Roberte : Cela signifie qu’il n’y a que l’instant présent ?
Ca sera toujours le présent. Il n’y a pas d’issue. On sera toujours le présent.
Françoise : Mais alors, la logique usuelle.. ?
Retournons à la philosophie grecque, celle d’Aristote par exemple, qui s’efforce de comprendre la causalité. Aristote dit, en substance, « prenons un brave type qui sort de chez lui un peu rapidement et se fait écraser par une charrette. Si on épluche la chaîne des causes et des effets, on ne comprend rien. Pourquoi est-il sorti précipitamment de chez lui ? parce qu’il avait horriblement soif. Pourquoi avait-il si soif ? parce qu’il avait mangé un aliment beaucoup trop salé. Pourquoi avait-il mangé un aliment trop salé ? parce que sa servante s’était trompé de pot à condiment lorsqu’elle a préparé le repas. Et ainsi de suite ». Dès lors, l’observation des causes et des effets ne permet absolument pas de comprendre pourquoi un homme bon et loyal, aimé des siens, subit une fin tragique sans que la responsabilité, en terme d’intention, en incombe à sa servante, qui évidemment l’adorait, ni au cheval qui tirait la charrette, qui ne l’avait pas vu sortir. Il est de fait que la causalité, vue de cette manière, est incompréhensible. En outre, si l’on considère que ce qui apparaît comme un effet est, dans le même temps, cause de quelque chose, et qu’il ne peut y avoir d’effet sans cause antérieure, l’horreur de la régression à l’infini aveugle les esprits les plus fins. Ce qui entraîne deux types de comportement, soit on a rien à dire sur rien, ce qui semble peu philosophique, soit on invente une cause hors la causalité, hors ce monde phénoménal, elle même cause d’elle même sans être l’effet de quoi que ce soit, ce qui est manifestement contradictoire. Comment une cause pourrait-elle ne pas être l’effet de quelque chose ? Et bien c’est pourtant le choix opéré par Aristote, avec son moteur immobile, cette très admirable logique de ce qui meut et de ce qui est mu ! Ce choix d’une cause hors le monde, du reste, fit les beaux jours de nombreux et éminents panseurs jusqu’à nos jours. Toute notre logique usuelle délétère en découle.

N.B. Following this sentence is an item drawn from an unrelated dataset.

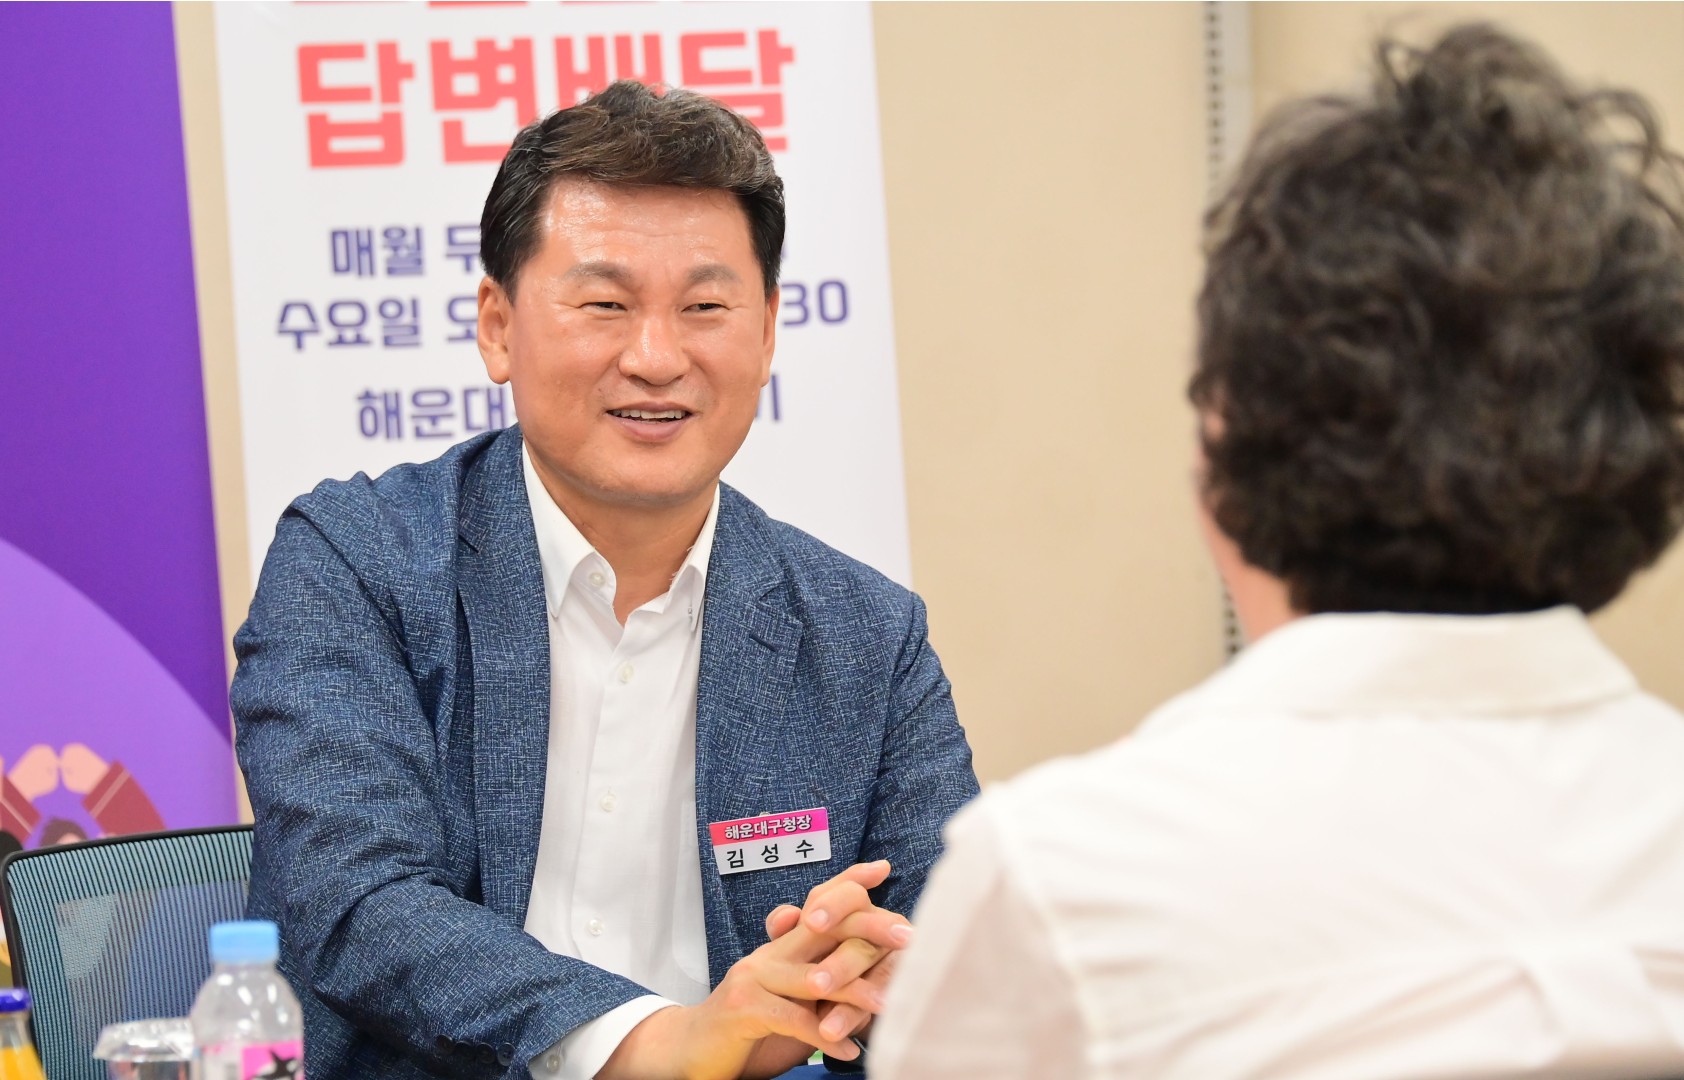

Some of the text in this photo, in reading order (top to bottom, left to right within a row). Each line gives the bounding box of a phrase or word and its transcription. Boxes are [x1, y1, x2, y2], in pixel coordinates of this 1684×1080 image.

E t le problème de l’existant, de l’étant, reste entier, massif, insoluble dans la pensée. D’ou des penseurs comme Heidegger, pour qui l’être n’est jamais dans l’étant, l’étant peut s’ouvrir, mais il est vide, ou comme Sartre, pour qui on n’est jamais ce que l’on doit être, ce que l’on veut être, mais on est toujours ce que l’on en veut pas. Il faut dire également que les grecs, avec l’étymologie du verbe exister, on fait fort. « Ex », signifie en dehors, et « sister » signifie être placé. Alors, avec un point de départ logique tel que «exister, c’est être placé en dehors », on peut se demander : en dehors de quoi ?, par qui ?, de quel droit ? que reste-t-il ?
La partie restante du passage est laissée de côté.